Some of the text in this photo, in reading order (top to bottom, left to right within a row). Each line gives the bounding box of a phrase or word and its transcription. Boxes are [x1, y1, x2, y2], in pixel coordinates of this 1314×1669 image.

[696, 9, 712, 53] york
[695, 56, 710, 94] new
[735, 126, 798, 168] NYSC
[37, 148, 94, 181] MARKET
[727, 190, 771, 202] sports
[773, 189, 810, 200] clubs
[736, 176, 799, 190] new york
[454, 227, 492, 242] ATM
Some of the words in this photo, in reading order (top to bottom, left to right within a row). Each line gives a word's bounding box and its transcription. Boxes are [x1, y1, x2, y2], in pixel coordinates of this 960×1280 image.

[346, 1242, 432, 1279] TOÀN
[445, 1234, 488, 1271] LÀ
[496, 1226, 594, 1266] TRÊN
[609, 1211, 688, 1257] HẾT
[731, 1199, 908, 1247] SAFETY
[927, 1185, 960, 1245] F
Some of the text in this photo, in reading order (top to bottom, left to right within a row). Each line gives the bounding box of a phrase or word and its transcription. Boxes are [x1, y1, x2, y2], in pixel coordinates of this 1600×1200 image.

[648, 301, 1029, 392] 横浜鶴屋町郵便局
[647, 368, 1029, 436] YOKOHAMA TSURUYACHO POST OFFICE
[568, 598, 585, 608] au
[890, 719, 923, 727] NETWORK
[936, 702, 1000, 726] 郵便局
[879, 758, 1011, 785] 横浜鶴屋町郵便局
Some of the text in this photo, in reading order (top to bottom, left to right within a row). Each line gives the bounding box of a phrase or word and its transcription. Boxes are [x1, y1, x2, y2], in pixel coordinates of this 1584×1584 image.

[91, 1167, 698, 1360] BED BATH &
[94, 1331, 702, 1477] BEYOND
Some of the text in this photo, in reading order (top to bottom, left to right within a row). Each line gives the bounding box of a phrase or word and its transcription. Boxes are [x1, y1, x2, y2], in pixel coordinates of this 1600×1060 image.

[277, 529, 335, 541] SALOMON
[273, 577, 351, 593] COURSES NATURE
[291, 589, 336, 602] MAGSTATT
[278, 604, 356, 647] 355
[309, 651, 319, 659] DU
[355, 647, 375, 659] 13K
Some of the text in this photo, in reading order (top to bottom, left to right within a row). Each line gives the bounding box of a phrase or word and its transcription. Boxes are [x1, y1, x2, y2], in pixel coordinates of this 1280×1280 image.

**AIM OF THE TASK:** Copy out the entire listing word for word. Keep every line as it is.

**RESULT OF THIS TASK:**
Some of the text in this photo, in reading order (top to bottom, left to right within a row). Each line gives the bounding box of a phrase or word and its transcription. Boxes are [x1, y1, x2, y2], in pixel coordinates of this 1314×1669 image.

[696, 9, 712, 53] york
[695, 56, 710, 94] new
[735, 126, 798, 168] NYSC
[37, 148, 94, 181] MARKET
[727, 190, 771, 202] sports
[773, 189, 810, 200] clubs
[736, 176, 799, 190] new york
[454, 227, 492, 242] ATM
Some of the words in this photo, in reading order (top to bottom, left to right within a row). Each line gives a word's bounding box and its transcription. Boxes are [x1, y1, x2, y2], in pixel coordinates of this 960×1280 image.

[346, 1242, 432, 1279] TOÀN
[445, 1234, 488, 1271] LÀ
[496, 1226, 594, 1266] TRÊN
[609, 1211, 688, 1257] HẾT
[731, 1199, 908, 1247] SAFETY
[927, 1185, 960, 1245] F
Some of the text in this photo, in reading order (top to bottom, left to right within a row). Each line gives the bounding box of a phrase or word and its transcription. Boxes are [x1, y1, x2, y2], in pixel coordinates of this 1600×1200 image.

[648, 301, 1029, 392] 横浜鶴屋町郵便局
[647, 368, 1029, 436] YOKOHAMA TSURUYACHO POST OFFICE
[568, 598, 585, 608] au
[890, 719, 923, 727] NETWORK
[936, 702, 1000, 726] 郵便局
[879, 758, 1011, 785] 横浜鶴屋町郵便局
Some of the text in this photo, in reading order (top to bottom, left to right within a row). Each line gives the bounding box of a phrase or word and its transcription. Boxes are [x1, y1, x2, y2], in pixel coordinates of this 1584×1584 image.

[91, 1167, 698, 1360] BED BATH &
[94, 1331, 702, 1477] BEYOND
Some of the text in this photo, in reading order (top to bottom, left to right within a row). Each line gives the bounding box of a phrase or word and its transcription. Boxes are [x1, y1, x2, y2], in pixel coordinates of this 1600×1060 image.

[277, 529, 335, 541] SALOMON
[273, 577, 351, 593] COURSES NATURE
[291, 589, 336, 602] MAGSTATT
[278, 604, 356, 647] 355
[309, 651, 319, 659] DU
[355, 647, 375, 659] 13K
Some of the text in this photo, in reading order (top to bottom, left to right within a row). Each line gives the bounding box of a phrase or word and its transcription. Boxes are [x1, y1, x2, y2], in pixel coordinates of this 1280×1280 image.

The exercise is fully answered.